Generally speaking, there are two kinds of professionals involved in assisting others with the investment of their life-savings. The first is the traditional stockbroker (a registered representative of a broker- dealer), who often works on commission when they buy or sell a product for a client. These brokers are licensed and regulated by the Financial Industry Regulatory Authority (“FINRA”) and the Securities Exchange Commission (“SEC”). The second is an investment adviser or RIA who is only regulated by the SEC. Adding to the confusion is the fact that most Wall Street firms have individuals in each category. Why, you may ask, does any of this make a difference to me?
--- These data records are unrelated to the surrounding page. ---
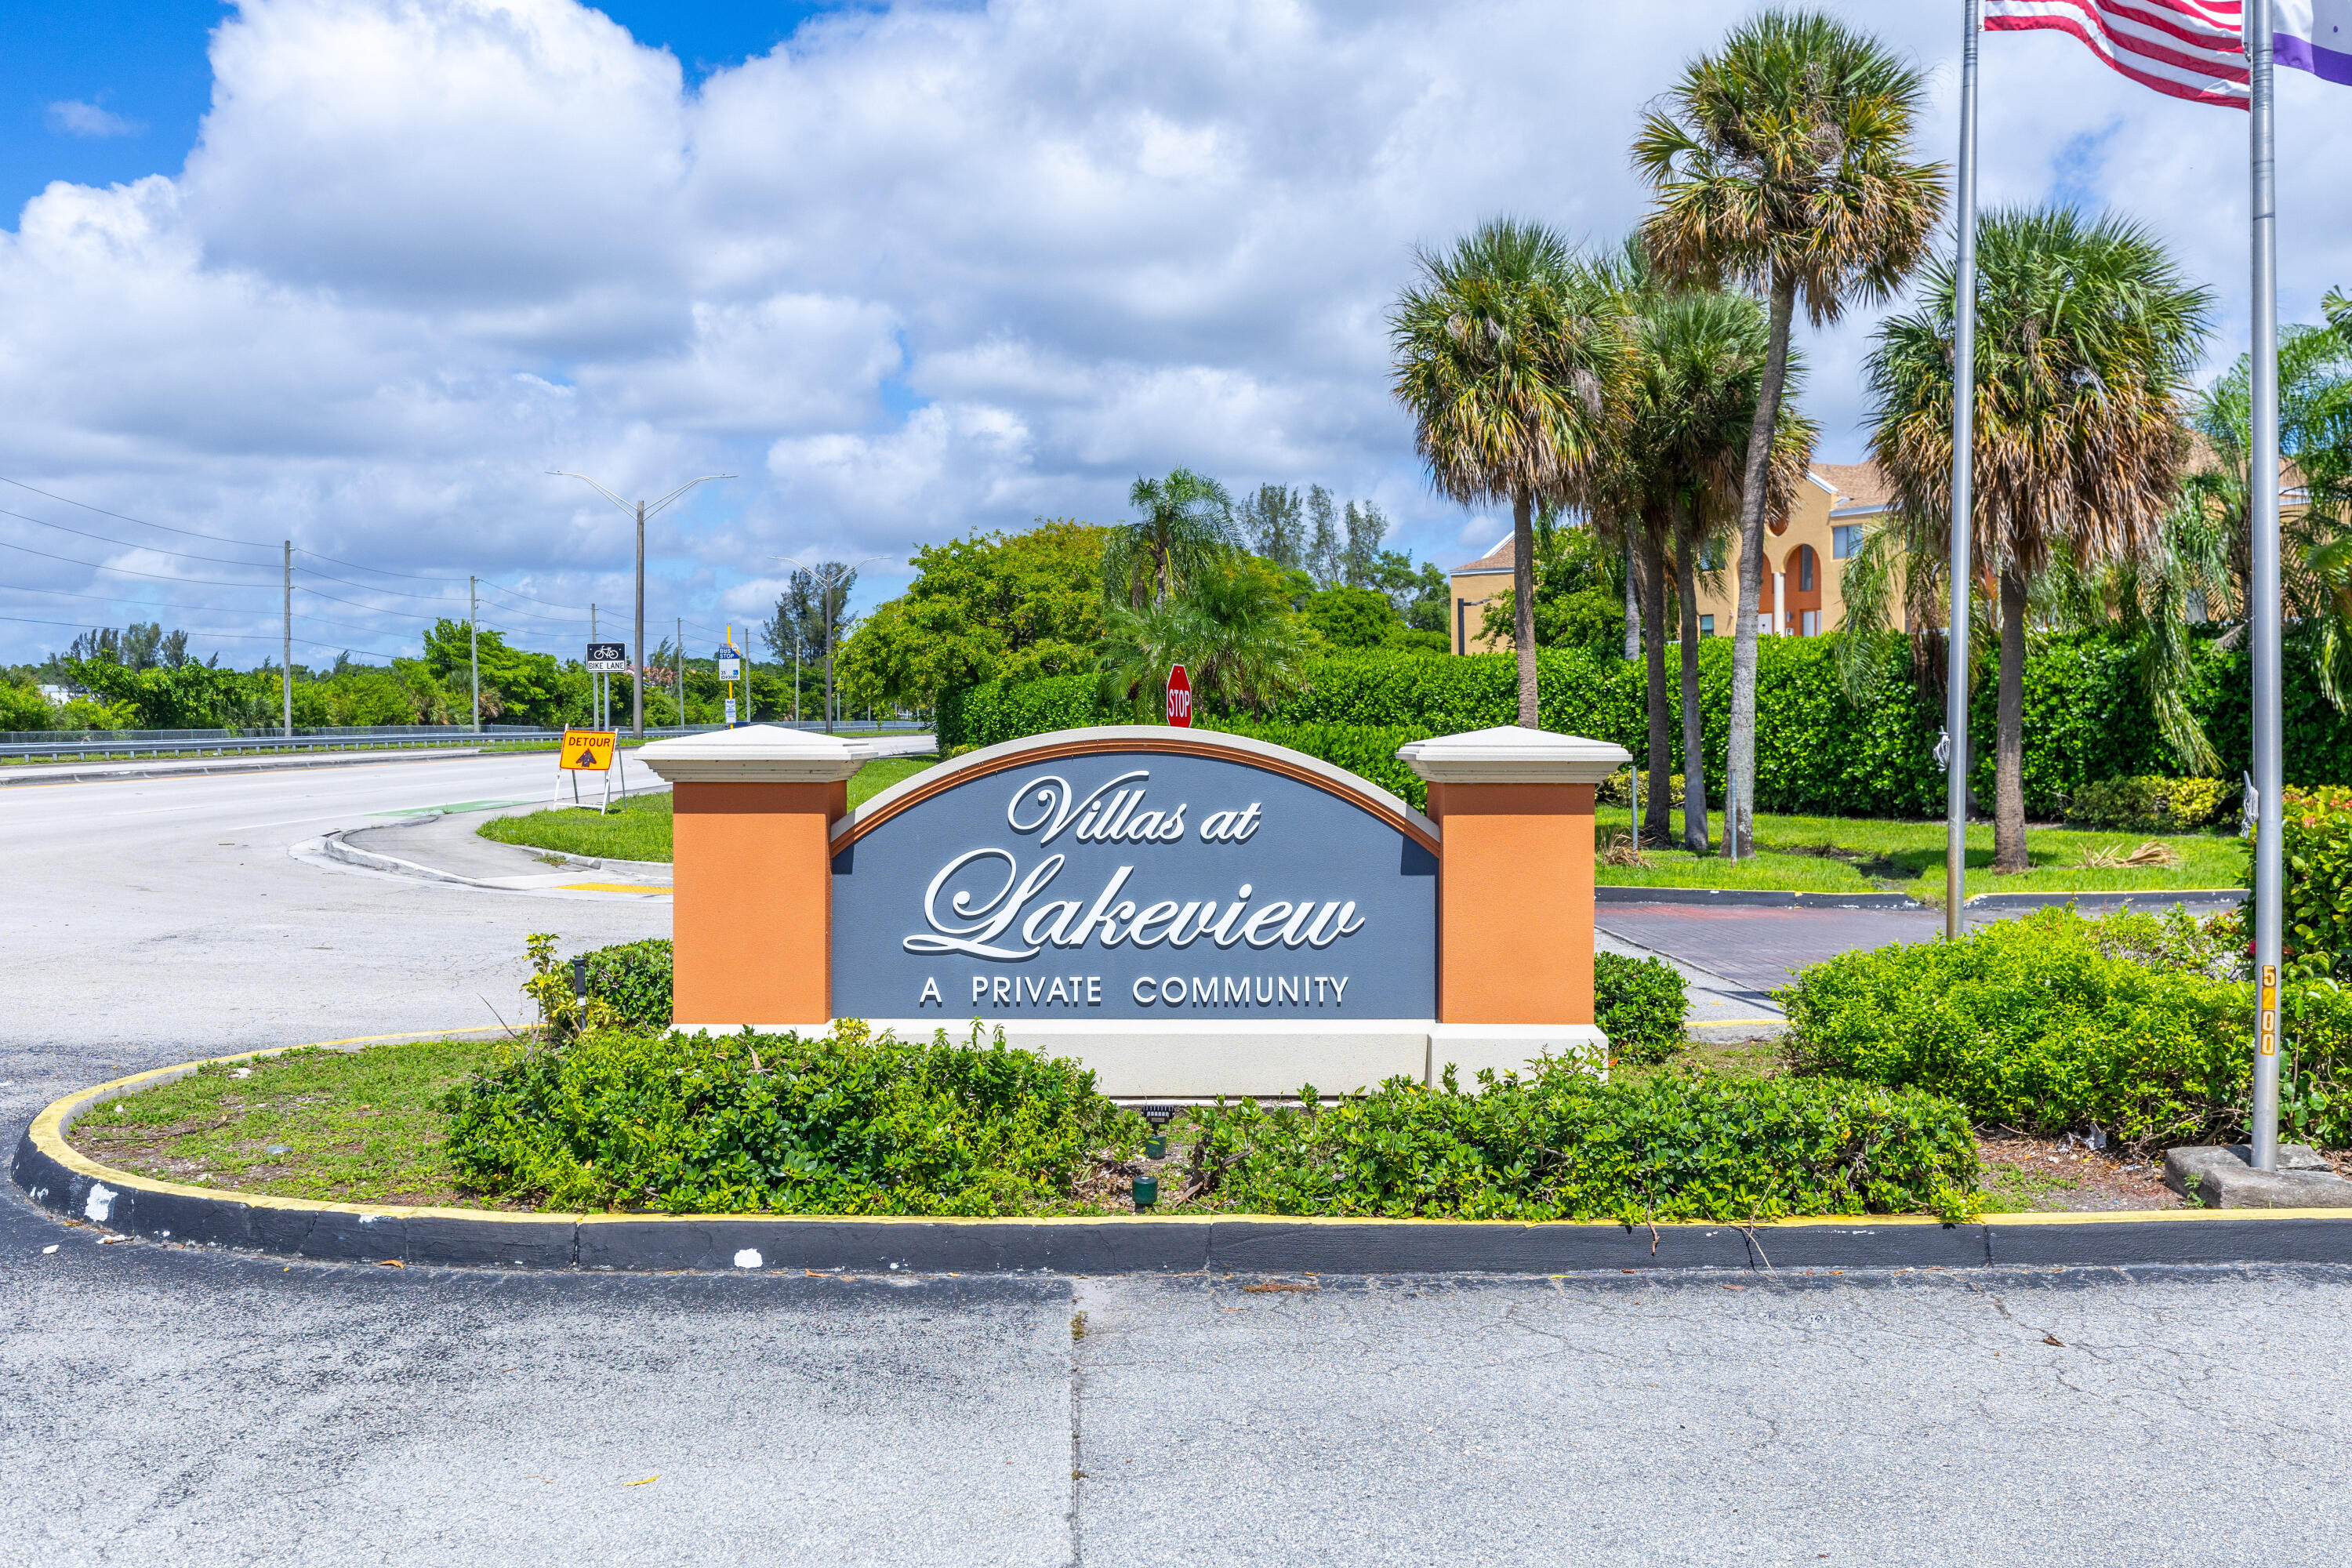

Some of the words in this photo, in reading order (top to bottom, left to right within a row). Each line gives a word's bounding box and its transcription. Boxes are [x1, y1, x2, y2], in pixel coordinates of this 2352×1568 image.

[1169, 688, 1190, 717] STOP
[568, 736, 611, 747] DETOUR
[1007, 770, 1188, 844] Villas
[1200, 802, 1261, 840] at
[902, 848, 1366, 959] Lakeview
[919, 976, 942, 1003] A
[972, 976, 1102, 1003] PRIVATE
[1132, 976, 1349, 1004] COMMUNITY
[2261, 965, 2276, 1054] 5200
Well, were you aware that the obligations owed to you by your investment professional directly depend on the manner in which they are licensed? Historically, an RIA was required to continually monitor a client’s account with a permanent obligation to act in accordance with what is good for the client. This has often been call a “fiduciary” standard. However, a stockbroker was only required to make recommendations that they believed to be suitable for the client at the time of the recommendation. In other words, a stockbroker had no duty to either make the recommendation they thought was “best” for the client or to continually monitor an account – “recommend it and forget it” was perfectly appropriate (though not very good client service). As long as the product generally met the investor’s goals and risk tolerances, the stockbroker met their legal obligations – even if the specific recommended product cost more or generated higher fees for the broker than a comparable investment. Surprised?
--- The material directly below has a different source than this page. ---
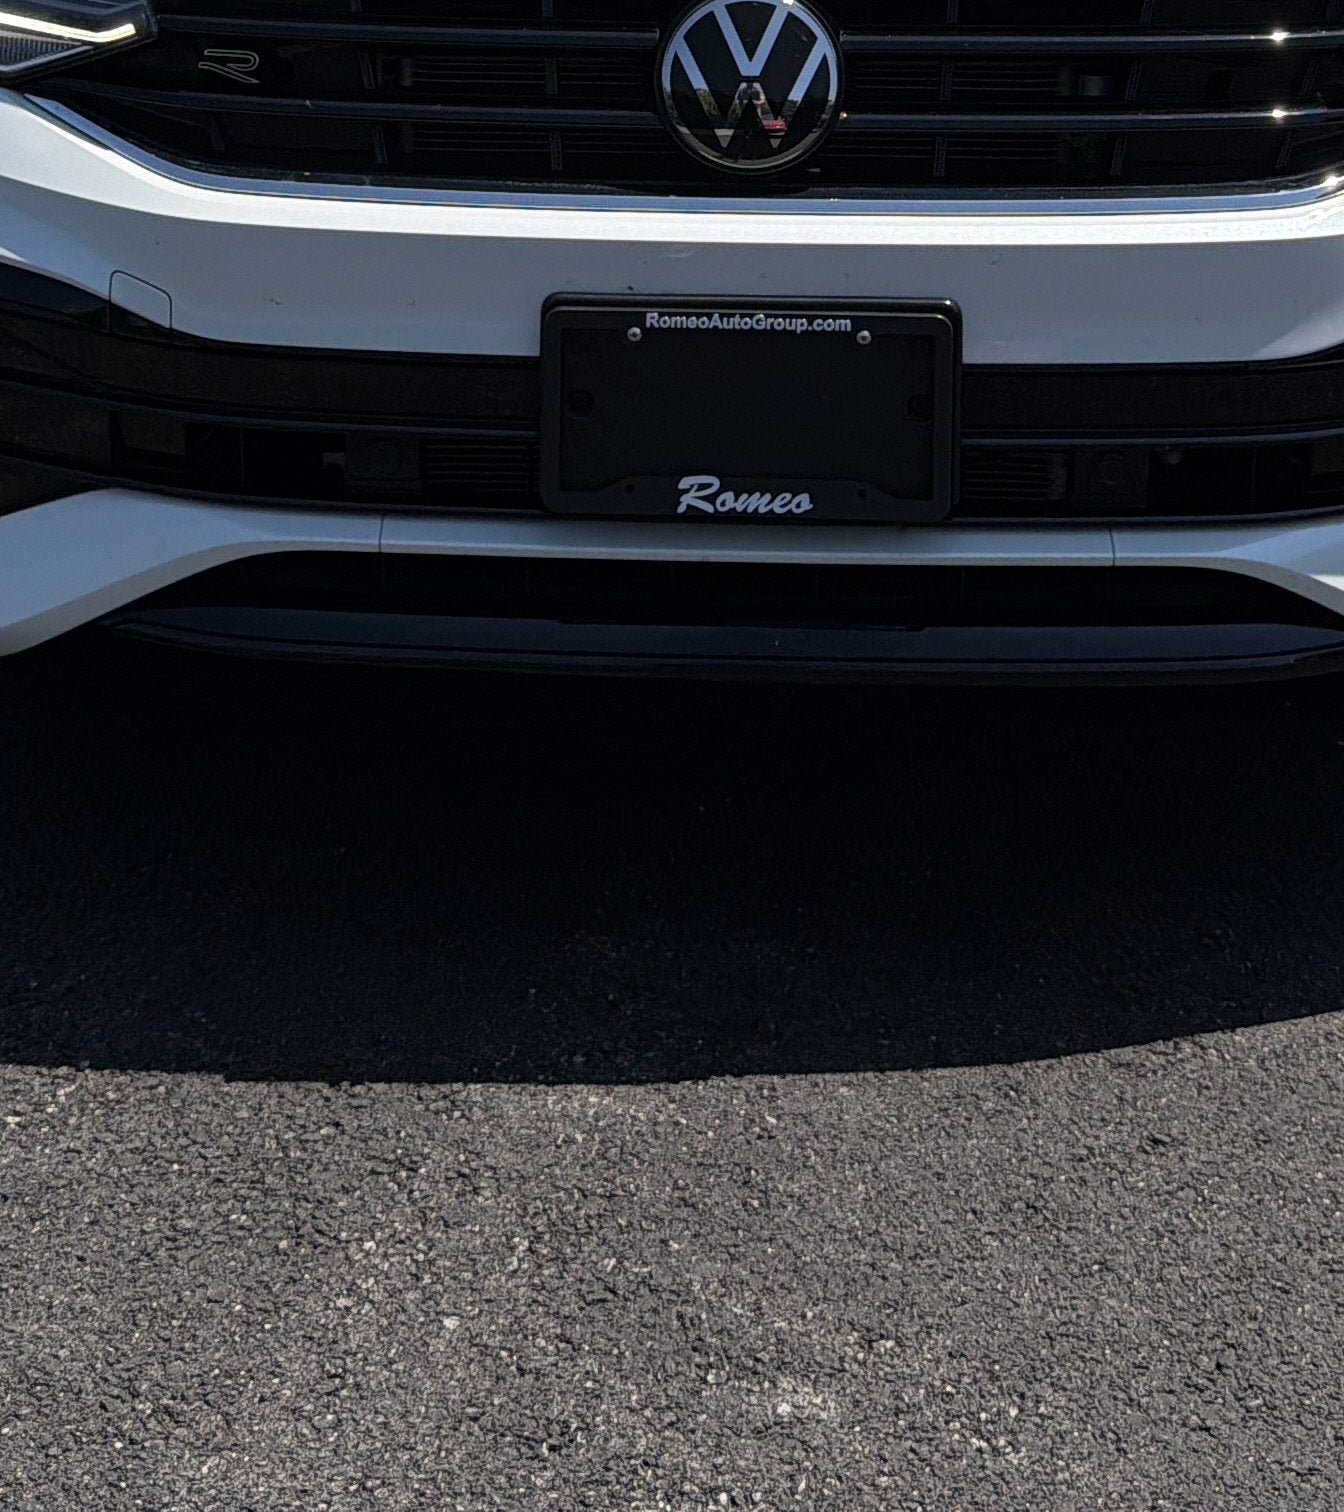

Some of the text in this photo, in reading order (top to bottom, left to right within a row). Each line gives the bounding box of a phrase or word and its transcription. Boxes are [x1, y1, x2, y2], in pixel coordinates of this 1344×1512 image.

[197, 48, 260, 83] R
[645, 312, 852, 334] RomeoAutoGroup.com
[676, 475, 814, 514] Romeo
The SEC recently stepped into the fray and attempted to tighten and clarify the standards for a stockbroker (in a concise, 771-page rule). On June 5th, the SEC issued a new “best interest” rule requiring that a stockbroker generally put their customers’ interests ahead of their – or their employers – interest. Specifically, a broker will be required, among other things, to disclose all key information including any potential conflicts of interest inherent in a recommendation (including fees and commissions) and the entity will need to develop methods to ensure compliance with the new rule. The rule applies to any recommendations for “any securities transaction or investment strategy involving securities.” This new standard specifically defines what it means by “best interest.” At the time of the recommendation, all material facts relating to interactions such as fees and conflicts must be disclosed. If the broker has taken “reasonable care” to understand and recommend the investment/strategy, and there are policies, procedures and compliance mechanisms in place to make sure the rule is followed, then the standard for “best interest” is being met. The rule requires broker-dealer compliance by June 30, 2020.
Meanwhile, your neighborhood investment advisor must still adhere to the fiduciary standard of care. This is a stricter standard implying that the advisor must act in the interest of the client at all times. Paraphrasing that famous philosopher, Kenny Rogers, an investment advisor must consider, and let you know when to hold, when to fold, when to consider walking away and when you should run.
Understand these obligations when choosing a person or entity to assist you with investment advice, strategy and implementation. Who you choose directly impacts the type of advice that is required to be given to you, and your rights if something untoward happens.